La Tarifaria 2012, la suba del boleto, la recuperación del cobro del alumbrado y cambios en el estacionamiento fueron los ejes económicos discutidos en el recinto. Por el derrumbe de un edificio, se avanzó en un protocolo de demolición y la reforma del Código de Planeamiento. La disputa Provincia-Municipio asomó a cada tanto.
EL DATO
Las agresiones sufridas por periodistas durante la sesión que se aprobó la suba del boleto fue uno de los hechos más repudiados.
En esta primera mitad del año, el Concejo De-liberante capitalino se transformó en una verdadera caja de resonancia de diferentes hechos ocurridos a nivel municipal, provincial y nacional.
La desaceleración en el ingreso de los fondos de coparticipación que afectan a Capital redundó en el avance de varias iniciativas tendientes a mejorar la recaudación propia del Municipio. Entre ellas, figuran la Tarifaria 2012, aprobada por los concejales a principios de año, la recuperación del cobro del alumbrado público y el incremento del estacionamiento medido que se definirán recién después del receso de invierno.
Capítulo aparte tuvo el incremento del boleto de colectivo que logró aval legislativo a mediados de abril, pero continuó siendo motivo de cruces entre el oficialismo y la oposición por el conflicto de transporte generado tras el freno judicial y la decisión empresarial de reducir el servicio y suspender personal, y más tarde, por el cobro del boleto estudiantil a $0,95 cuando debía ser $0,90.
Inclusive, en la última sesión, el problema de las máquinas expendedoras que no dan vuelto devino en una resolución para garantizar el cobro del costo del pasaje como corresponde.
Construcción
Otro hecho que dio origen a varios proyectos fue, sin duda, el trágico derrumbe de un edificio céntrico que cau-só la muerte de 8 obreros de la construcción.
Para evitar que algo similar vuelva a ocurrir, se aprobó un ordenanza que estableció elevar las multas en un 1 mil por ciento y un protocolo de demolición para quienes hayan edificado por fuera de lo autorizado. En este sentido, se inició además una mesa de debate para la reforma del Código de Planeamiento, en este caso proyectando un crecimiento ordenado de la la ciudad de ahora a 20 años.

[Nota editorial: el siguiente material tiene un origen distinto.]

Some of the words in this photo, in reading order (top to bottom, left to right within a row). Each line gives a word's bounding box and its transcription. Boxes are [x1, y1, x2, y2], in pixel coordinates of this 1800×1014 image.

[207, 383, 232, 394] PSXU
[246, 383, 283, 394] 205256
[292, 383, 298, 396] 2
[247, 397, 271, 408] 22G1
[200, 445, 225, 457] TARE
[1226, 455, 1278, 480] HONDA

Por fuera del factor económico, el transporte y las repercusiones del derrumbe, los concejales se hicieron eco de varios acontecimiento exógenos a la Capital, y no dudaron en cruzarse en rudas peleas por los dichos del Ministro de Salud Pública de la Provincia, sobre la Asignación Universal por Hijo, el apoyo a la expropiación de YPF o el repudio a la medida de fuerza convocada a nivel nacional por Hugo Moyano.

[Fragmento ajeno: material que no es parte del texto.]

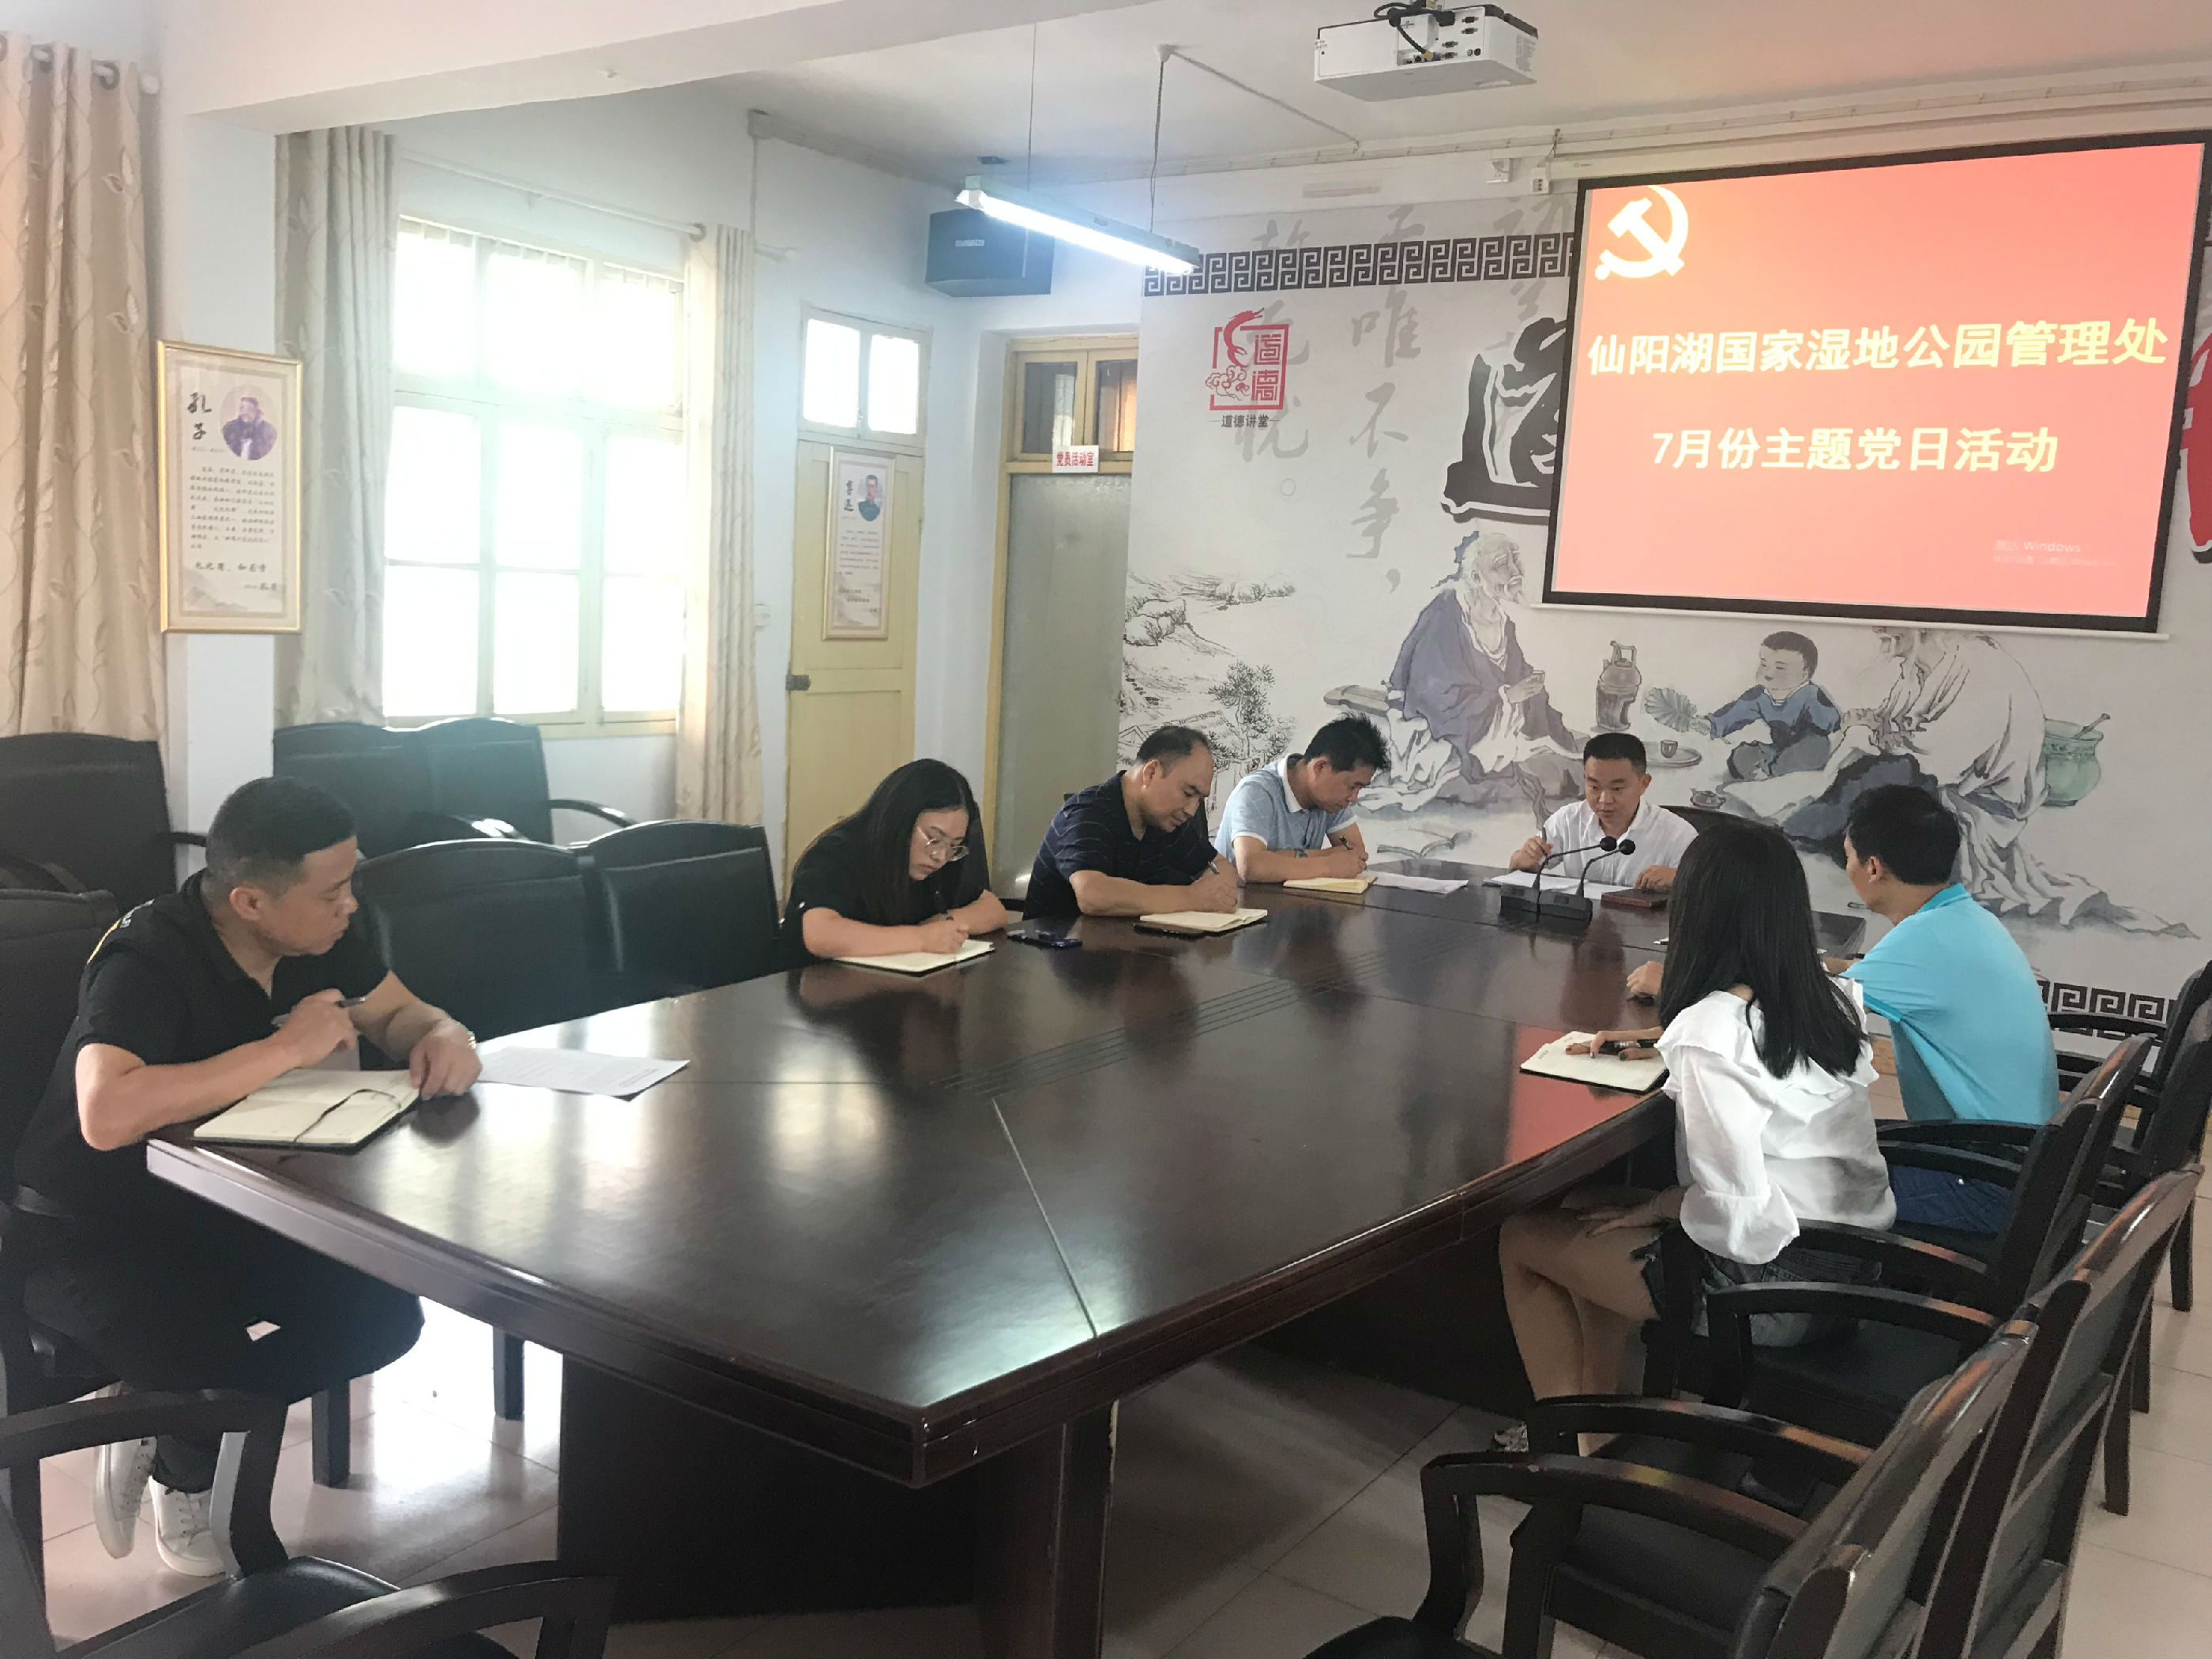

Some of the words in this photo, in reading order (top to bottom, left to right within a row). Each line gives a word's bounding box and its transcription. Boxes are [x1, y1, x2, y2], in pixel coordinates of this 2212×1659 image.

[1588, 318, 2169, 375] 仙阳湖国家湿地公园管理处
[1221, 413, 1270, 428] 道德讲堂
[1056, 451, 1094, 467] 党员活动室
[1653, 427, 2060, 472] 7月份主题党日活动

En cada caso, con el poder numérico en la manga, los representantes del Frente para la Victoria (FpV) definieron siempre de acuerdo a las coordenadas del Ejecutivo municipal, y con el apoyo hasta el momento incondicional de los dos liberales y la referente de Forja.
Pese a ser minoría, la oposición no se llamó al silencio y muy por el contrario, puso el dedo en la llaga cada vez que fue posible.
Un escenario de disputas políticas entre justicialistas, radicales y aliados de un lado y del otro que promete acentuarse durante el segundo semestre del 2012 considerando la cercanía cada vez más palpable de la carrera electoral hacia 2013.